09/02/2015 - 10H02 - POR CARLOS ORSI
A questão é que esses levantamentos, e a forma como são interpretados, têm vários problemas. O primeiro, mais óbvio, é que com cerca de 190 países no mundo, fica muito fácil fazer comparações capciosas: por exemplo, comparado com os Estados Unidos, o Brasil é um país de população civil desarmada e alto índice de violência; comparado à Inglaterra, somos um país de população civil armada e alto índice de violência.
Os dados, enfim, se prestam àquilo que os estudiosos do método científico chamam de “cherry-picking” – literalmente, “apanhar cerejas”: em vez de analisar toda a informação relevante, apanham-se apenas alguns poucos dados escolhidos, as tais ”cerejas”, selecionadas de antemão para reforçar a ideologia do autor.
Em 2013, o site do jornal britânico “The Guardian” publicou as bases de dados completas da ONU e do grupo suíço Small Arms Survey sobre criminalidade e armamento civil, com informações sobre mais de uma centena de países. Eu fiz uma breve análise desses números, na época, em meu blog pessoal, e a conclusão a que cheguei foi de que não há conclusão: o grau de armamento da sociedade parece muito pouco importante – quase irrelevante – em seu impacto sobre as taxas gerais de violência, pois há países armados violentos e pacíficos, e há países desarmados violentos e pacíficos. Os dados globais simplesmente não apontam para nenhuma ligação sólida entre as duas variáveis.

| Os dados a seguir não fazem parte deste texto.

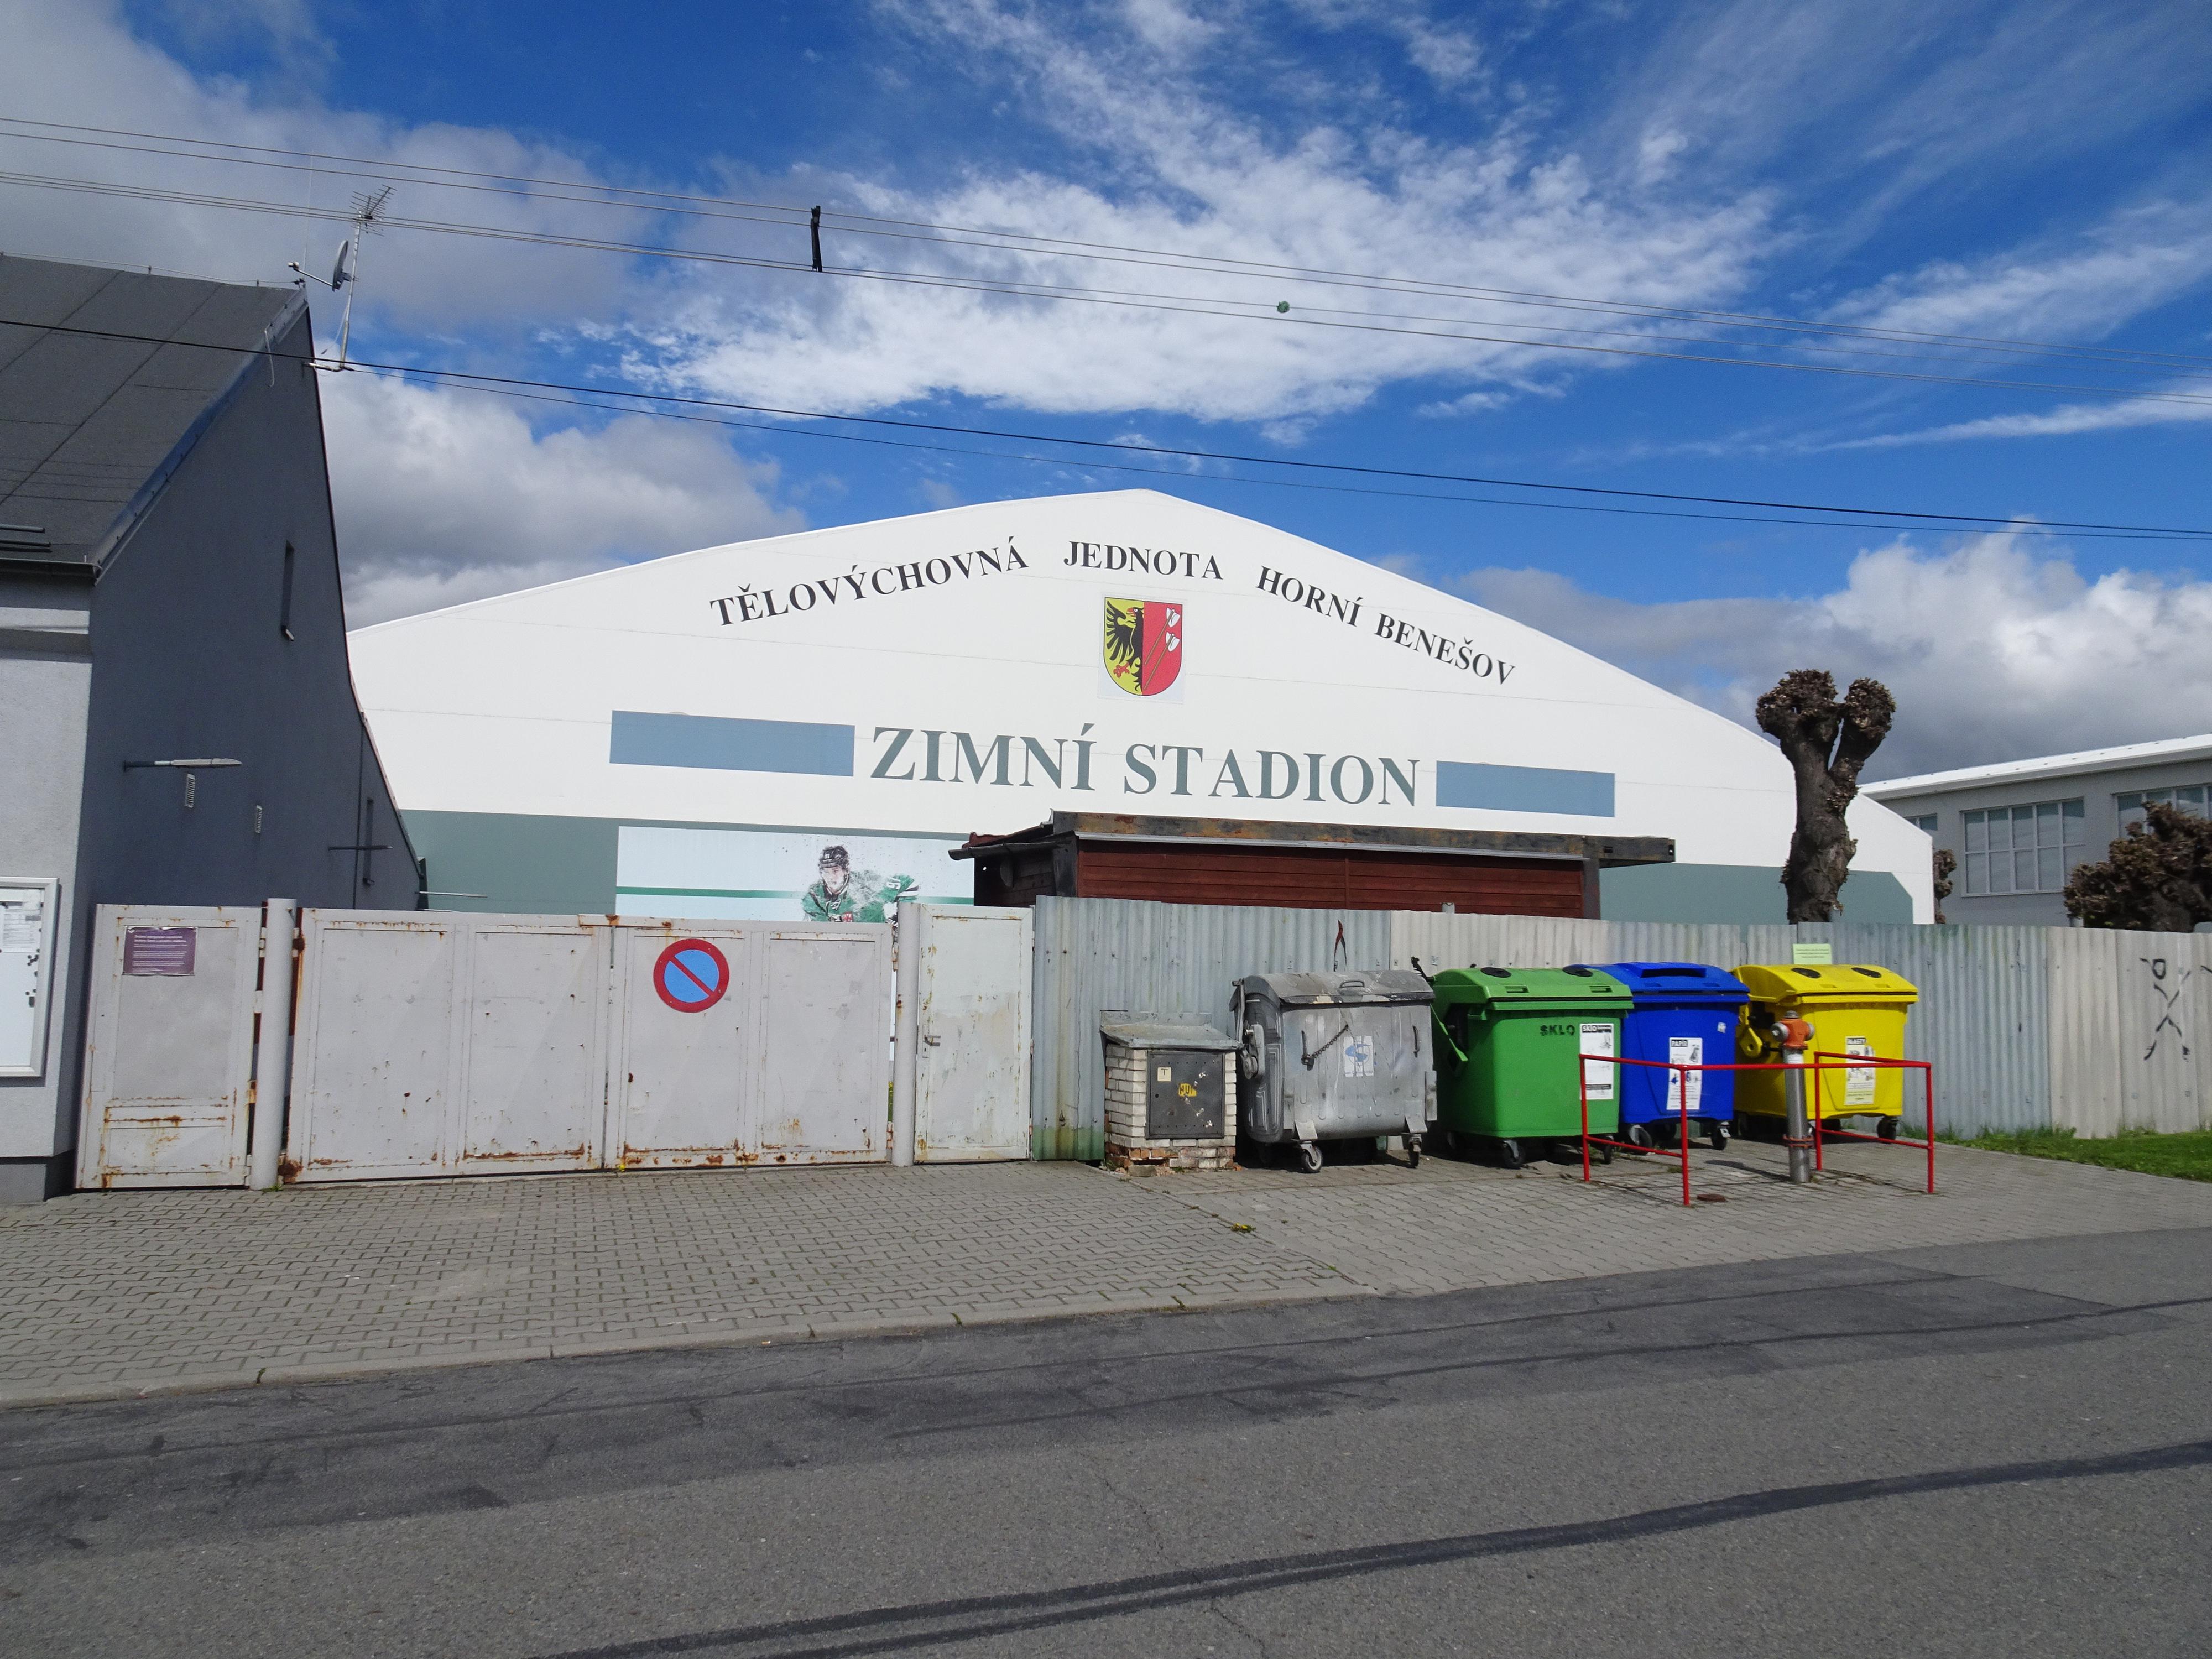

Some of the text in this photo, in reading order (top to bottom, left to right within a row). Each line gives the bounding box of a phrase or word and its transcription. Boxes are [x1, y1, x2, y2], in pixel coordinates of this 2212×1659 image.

Aliás, mesmo se fosse verdade que os países mais armados são os mais seguros, faltariademonstrar uma relação de causa e efeito entre uma coisa e outra. Um artigo comumente citado pelos que defendem a ideia de que mais armas significam menos crimes – “Would Banning Firearms Reduce Murder and suicide?” (“Será que proibir Armas Reduziria os Assassinatos e Suicídios?”), assinado por dois criminologistas e publicado em 2007 no “Harvard Journal of Law & Public Policy” – argumenta não que mais armas tornam a sociedade mais segura, e sim que proibir as armas não é um modo eficaz de reduzir a criminalidade. Citando: “Nações que têm problemas de violência tendem a adotar um controle estrito de armas, mas esses não reduzem a violência, que é determinada por fatores básicos, socioculturais e econômicos”.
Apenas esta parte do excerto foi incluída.